§ What the exercise asks
From first line to last, give the records again word for word and omit the pictures.

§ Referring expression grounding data
*** Block opens ***
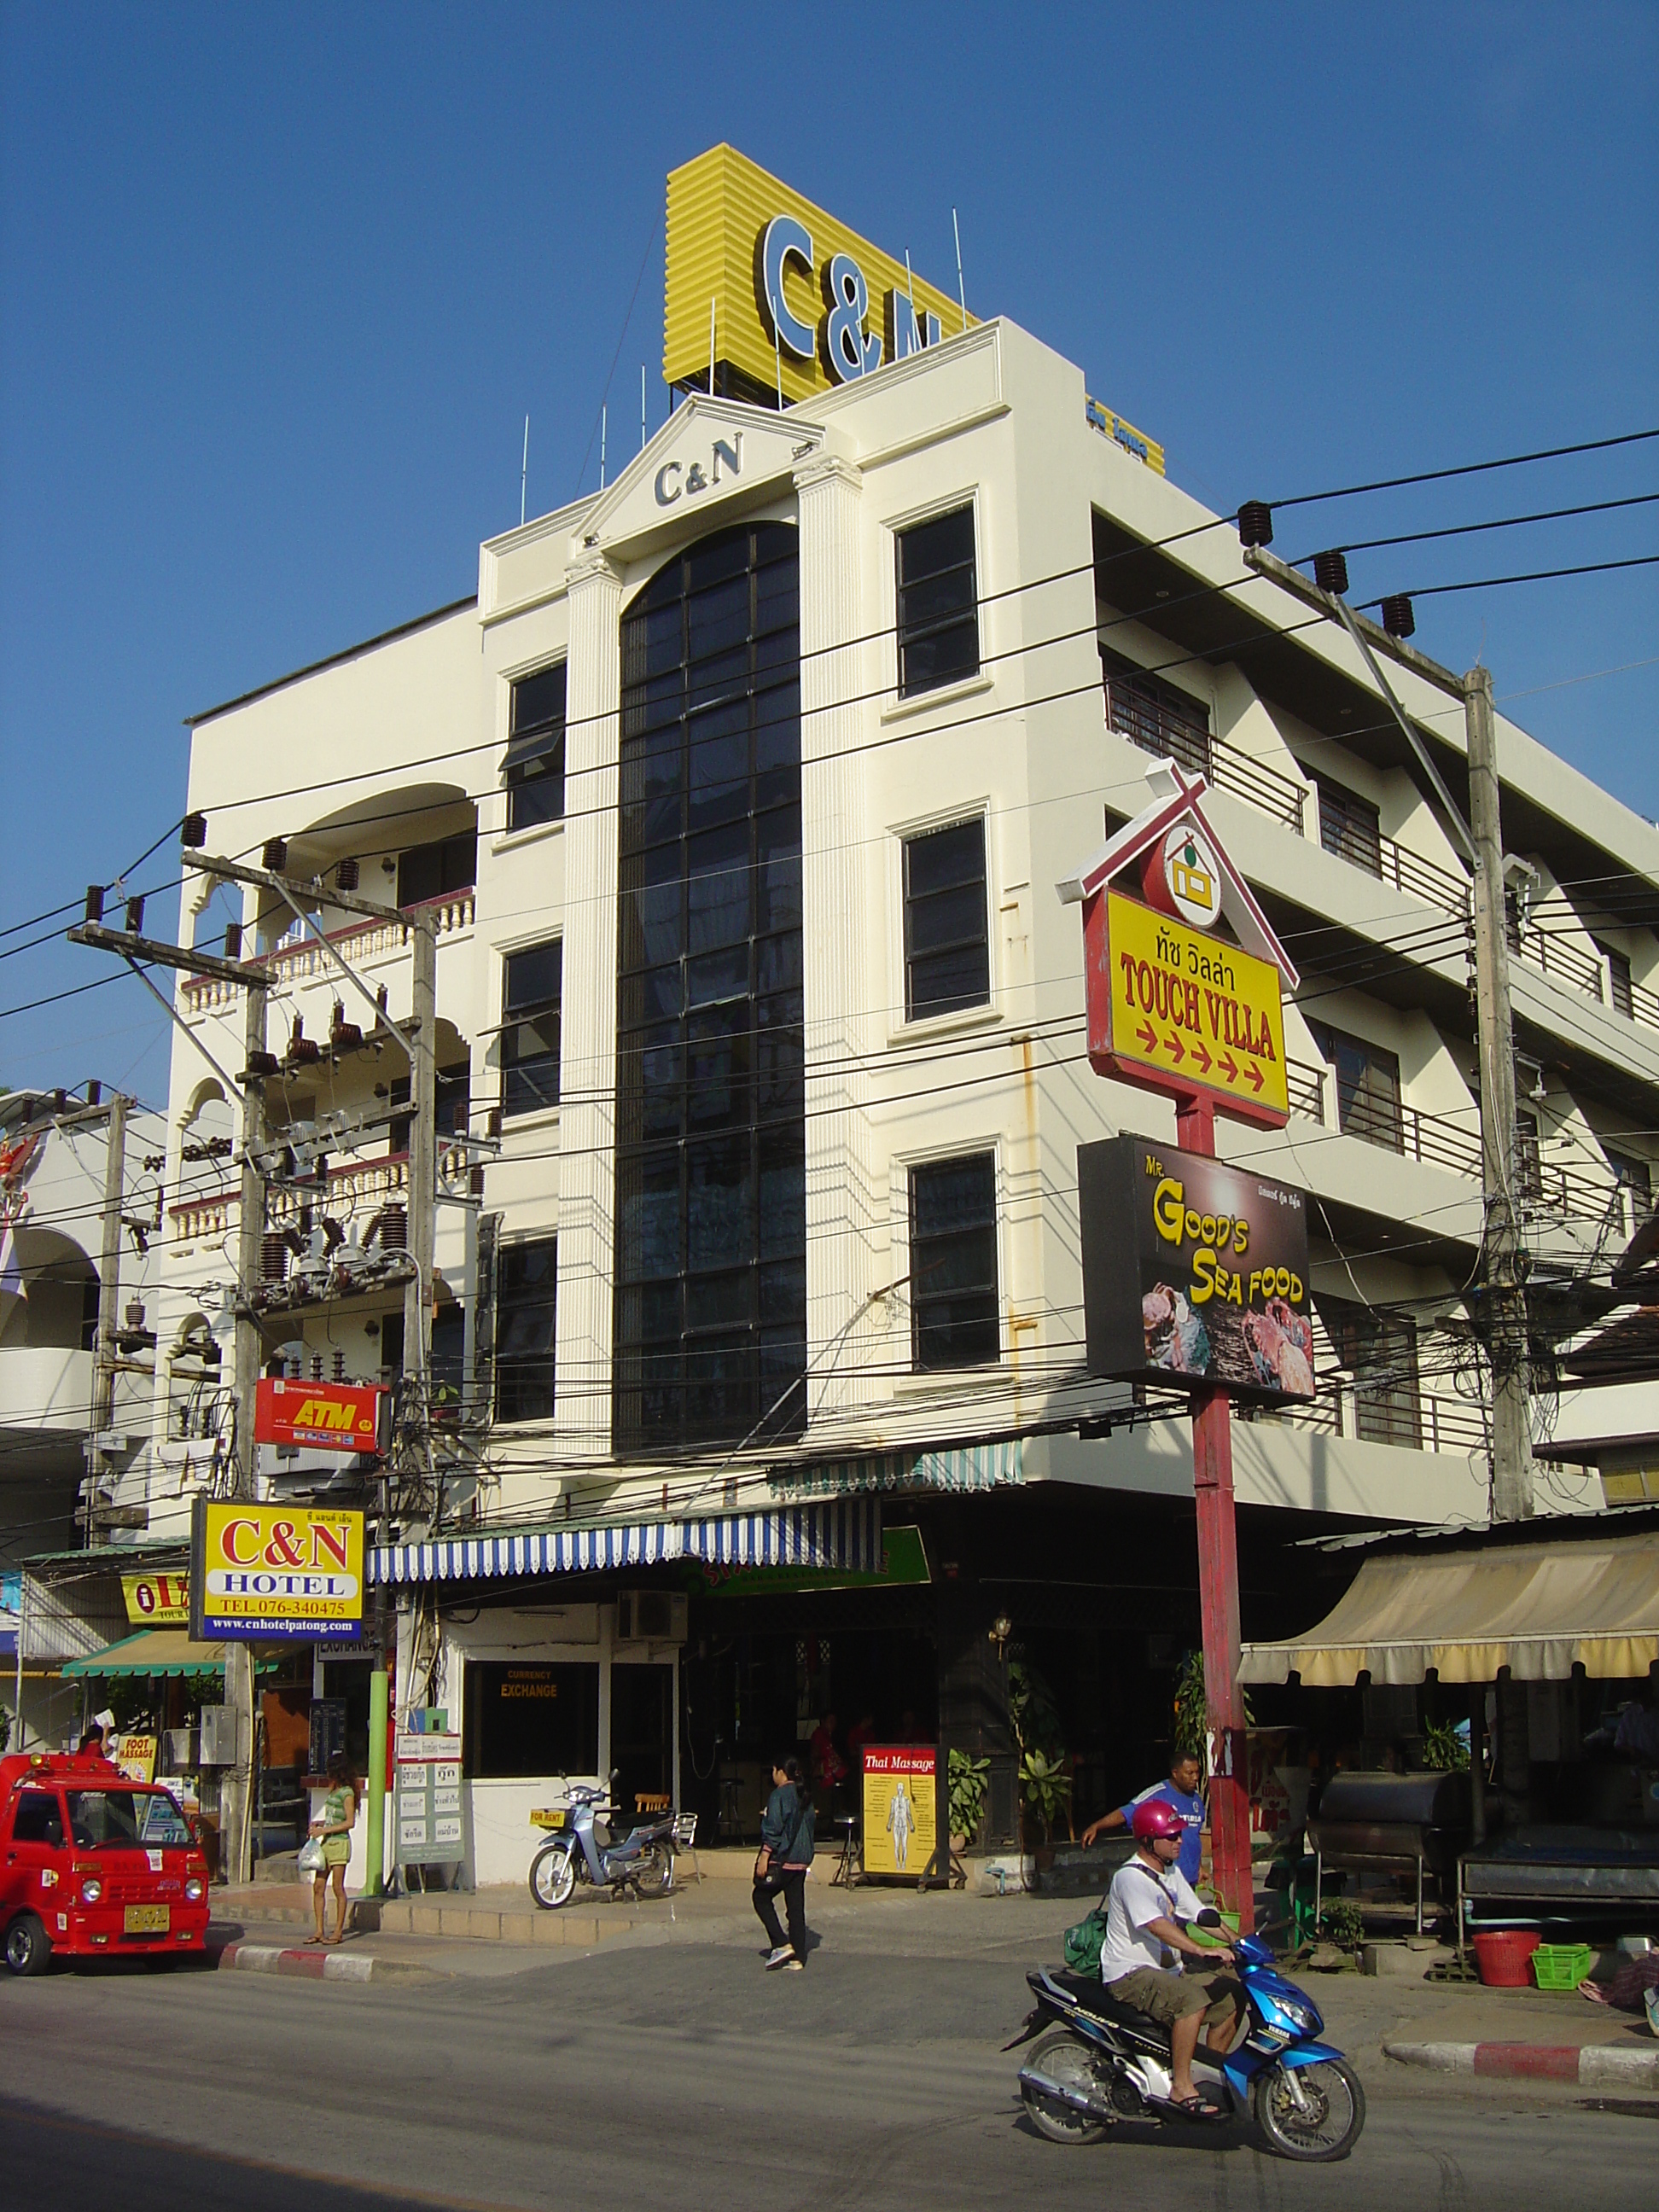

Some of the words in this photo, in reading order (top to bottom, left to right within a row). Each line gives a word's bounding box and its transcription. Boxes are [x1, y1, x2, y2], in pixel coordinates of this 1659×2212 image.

[760, 213, 942, 383] C&N
[655, 430, 744, 508] C&N
[1155, 926, 1181, 967] ทัช
[1188, 943, 1236, 992] วิลล่า
[1120, 952, 1202, 1035] TOUCH
[1203, 987, 1277, 1062] VILLA
[1249, 1266, 1303, 1304] FOOD
[293, 1399, 357, 1430] ATM
[220, 1517, 351, 1570] C&N
[223, 1573, 346, 1596] HOTEL
[159, 1610, 183, 1620] TOUR
[259, 1600, 345, 1615] 076-340475
[212, 1618, 353, 1633] www.cnhotelpatong.com
[507, 1670, 551, 1679] CURRENCY
[501, 1684, 557, 1697] EXCHANGE
[126, 1738, 149, 1749] FOOT
[118, 1749, 154, 1760] MASSAGE
[865, 1755, 888, 1769] Thai
[891, 1755, 934, 1773] Massage
[531, 1812, 543, 1821] FOR
[544, 1813, 561, 1822] RENT
*** Block closes ***
§ Result for this task
Some of the words in this photo, in reading order (top to bottom, left to right within a row). Each line gives a word's bounding box and its transcription. Boxes are [x1, y1, x2, y2], in pixel coordinates of this 1659×2212 image.

[760, 213, 942, 383] C&N
[655, 430, 744, 508] C&N
[1155, 926, 1181, 967] ทัช
[1188, 943, 1236, 992] วิลล่า
[1120, 952, 1202, 1035] TOUCH
[1203, 987, 1277, 1062] VILLA
[1249, 1266, 1303, 1304] FOOD
[293, 1399, 357, 1430] ATM
[220, 1517, 351, 1570] C&N
[223, 1573, 346, 1596] HOTEL
[159, 1610, 183, 1620] TOUR
[259, 1600, 345, 1615] 076-340475
[212, 1618, 353, 1633] www.cnhotelpatong.com
[507, 1670, 551, 1679] CURRENCY
[501, 1684, 557, 1697] EXCHANGE
[126, 1738, 149, 1749] FOOT
[118, 1749, 154, 1760] MASSAGE
[865, 1755, 888, 1769] Thai
[891, 1755, 934, 1773] Massage
[531, 1812, 543, 1821] FOR
[544, 1813, 561, 1822] RENT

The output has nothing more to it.